Os NPCs, embora tenham suas próprias personalidades e ideias, também parecem um pouco genéricos em alguns pontos. A totalidade da esperança de Minato costumeiramente é colocada nos braços do protagonista sem um maior desenvolvimento, tornando certos diálogos verdadeiramente artificiais. É um potencial que se perde.
Entre as missões secundárias podemos realizar trabalhos para obter recursos ou nos envolver em uma trama que geralmente termina em finalizar um kemono. Não há muita variedade de atividades aqui, também.
Em suma, a narrativa parece ser um elemento muito mais acessório ao game, sendo utilizado para ilustrar o enorme potencial de sua jogabilidade.
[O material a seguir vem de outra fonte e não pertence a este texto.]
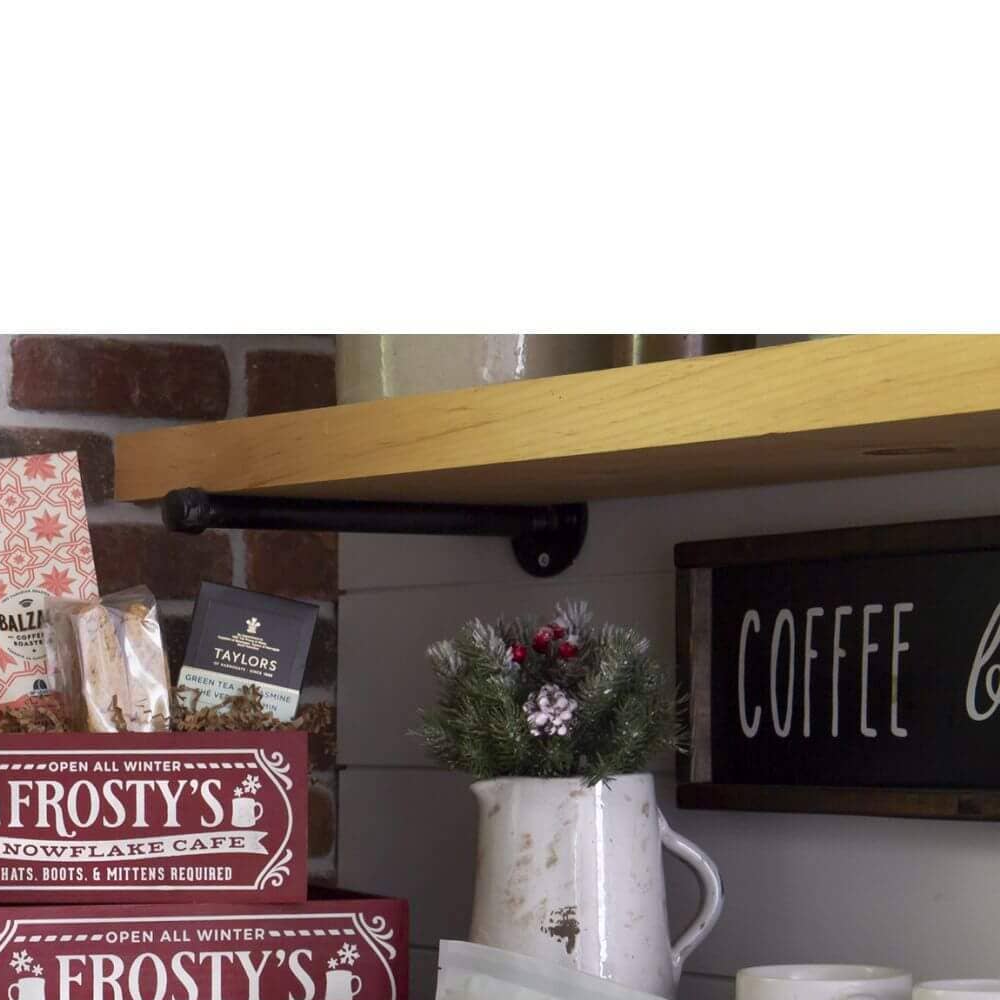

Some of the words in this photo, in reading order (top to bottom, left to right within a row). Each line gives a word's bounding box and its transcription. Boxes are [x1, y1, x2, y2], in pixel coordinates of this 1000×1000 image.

[214, 647, 278, 672] TAYLORS
[738, 602, 914, 738] COFFEE
[185, 674, 215, 686] GREEN
[218, 680, 234, 690] TEA
[48, 761, 89, 773] OPEN
[94, 761, 119, 773] ALL
[123, 760, 181, 773] WINTER
[7, 779, 225, 838] FROSTY'S
[172, 836, 246, 852] CAFE
[92, 867, 101, 881] &
[106, 867, 165, 882] MITTENS
[171, 866, 233, 881] REQUIRED
[106, 930, 153, 944] OPEN
[160, 929, 191, 942] ALL
[197, 928, 265, 942] WINTER
Desempenho, trilha sonora e localização
Wild Hearts possui um desempenho razoável e que não atrapalha na maior parte da jogatina. O game possui dois modos: de qualidade visual, onde a resolução é priorizada, e o de desempenho, que busca 60 frames por segundo. No PlayStation 5, console utilizado para esta análise, a recomendação é o modo de desempenho. Além da perda visual não ser grande, o componente principal do game — as batalhas contra monstros — funcionam de maneira muito melhor. É preciso, porém, notar que pop-ins costumam aparecer de maneira frequente e por vezes há quedas de fps, mas nada que vá realmente estragar a experiência. Considerando o elemento multiplayer o jogo realmente brilha, mantendo conexões estáveis e com o mínimo possível de delay.
No que se refere à trilha sonora ela é uma das joias do game. Apresentando tensão e deslumbre, ela reproduz fielmente as sensações de encontrar um kemono gigante ou de se aventurar em espaços fantásticos neste mundo.
No quesito localização, o game possui menus e diálogos legendados em PT-BR. É algo realmente bom ao familiarizar o jogador brasileiro e permitir uma compreensão muito mais tranquila do jogo em si.
Conclusão
Wild Hearts é um jogo que busca criar uma experiência de caça a criaturas mágicas — e consegue. Sua jogabilidade é muito divertida, suas partidas online agradam e os karakuri dão um show à parte. Entretanto, os visuais acabam indo na direção contrária e sendo um fator negativo no game. Da mesma forma, a história pode ser desinteressante e, por vezes, artificial. De todo modo, é um game que os amantes de Monster Hunter e jogos análogos podem se interessar. Wild Hearts é uma experiência que na maior parte do tempo é animada e empolgante, tendo em seus incríveis combates a chave para conquistar os corações selvagens que podem se mostrar receosos com a proposta do título da Omega Force.
PS: Esta análise foi feita em um PlayStation 5 através de uma cópia concedida pela Omega Force e pela EA, a quem agradecemos.